__Assigned task__. A faithful transcription of all the entries below is needed, without the pictures.

....................

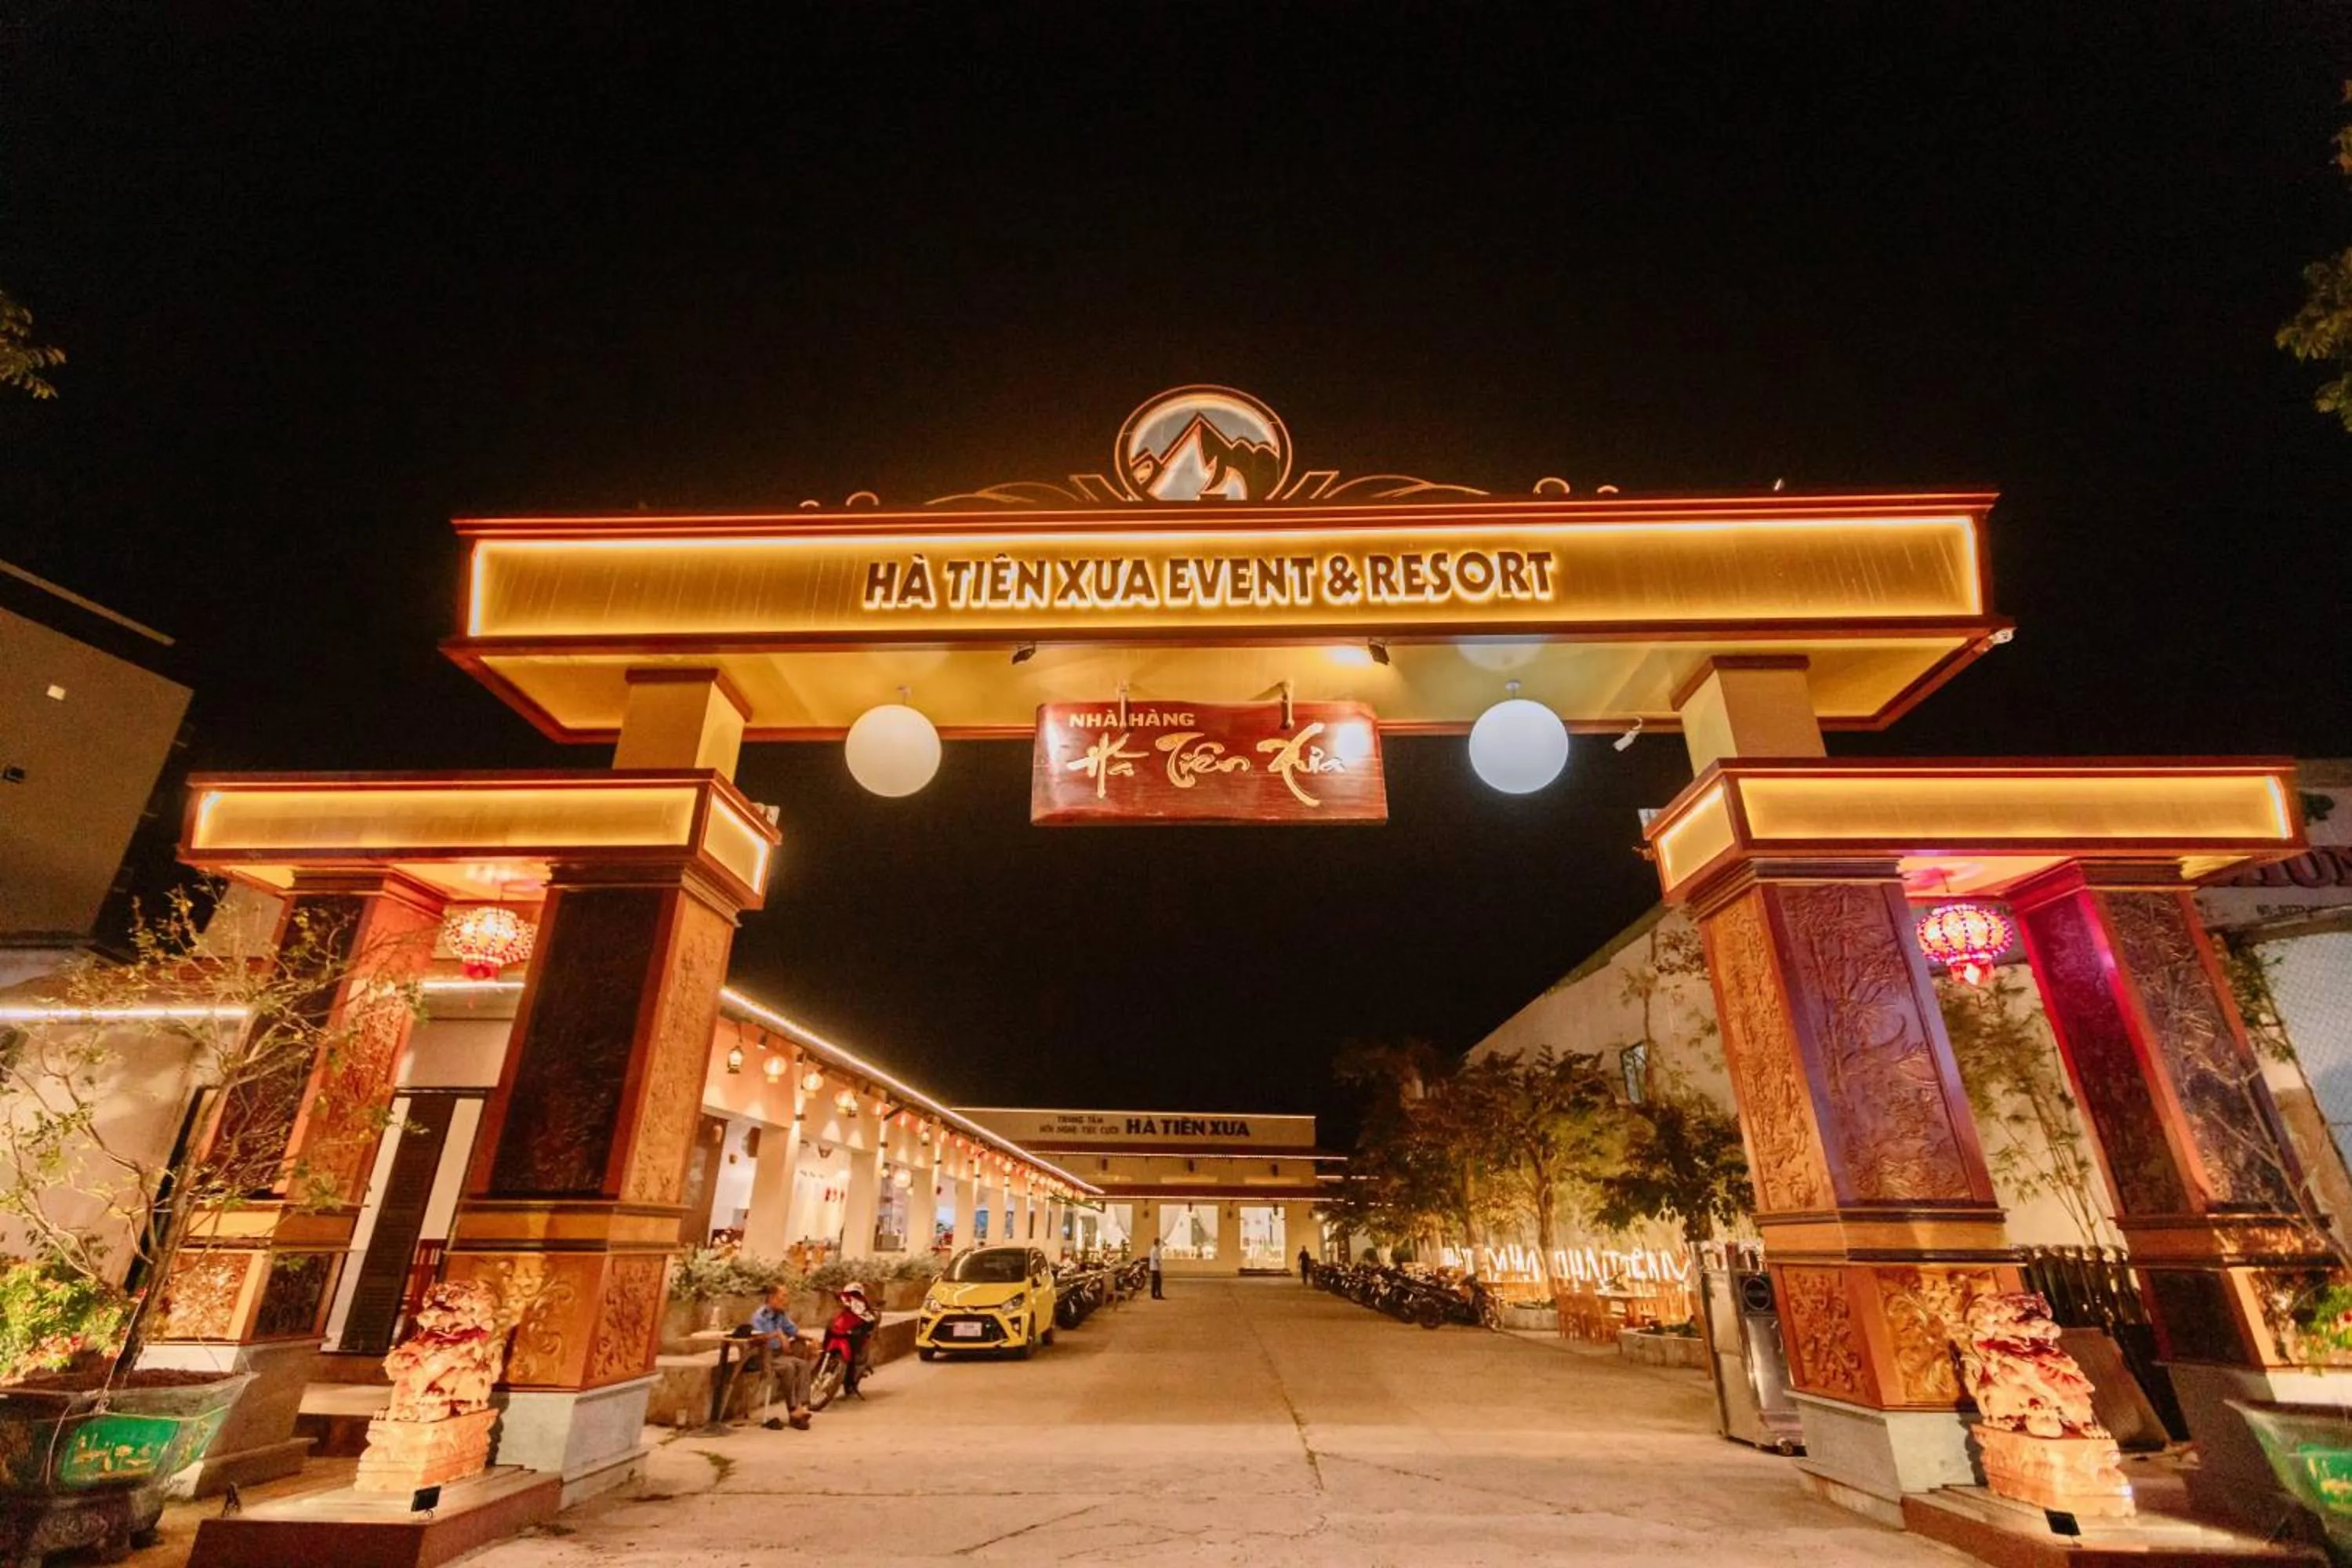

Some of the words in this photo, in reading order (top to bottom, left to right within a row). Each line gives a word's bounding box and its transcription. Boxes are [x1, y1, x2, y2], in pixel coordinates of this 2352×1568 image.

[865, 554, 934, 604] HÀ
[946, 554, 1047, 604] TIÊN
[1168, 557, 1314, 601] EVENT
[1327, 555, 1360, 599] &
[1368, 551, 1552, 599] RESORT
[1069, 710, 1118, 728] NHÀ
[1130, 709, 1195, 727] HÀNG
[1156, 732, 1250, 788] Tiên
[1127, 1116, 1156, 1134] HÀ
[1160, 1116, 1205, 1135] TIÊN

....................

__Reply__.
Some of the words in this photo, in reading order (top to bottom, left to right within a row). Each line gives a word's bounding box and its transcription. Boxes are [x1, y1, x2, y2], in pixel coordinates of this 2352×1568 image.

[865, 554, 934, 604] HÀ
[946, 554, 1047, 604] TIÊN
[1168, 557, 1314, 601] EVENT
[1327, 555, 1360, 599] &
[1368, 551, 1552, 599] RESORT
[1069, 710, 1118, 728] NHÀ
[1130, 709, 1195, 727] HÀNG
[1156, 732, 1250, 788] Tiên
[1127, 1116, 1156, 1134] HÀ
[1160, 1116, 1205, 1135] TIÊN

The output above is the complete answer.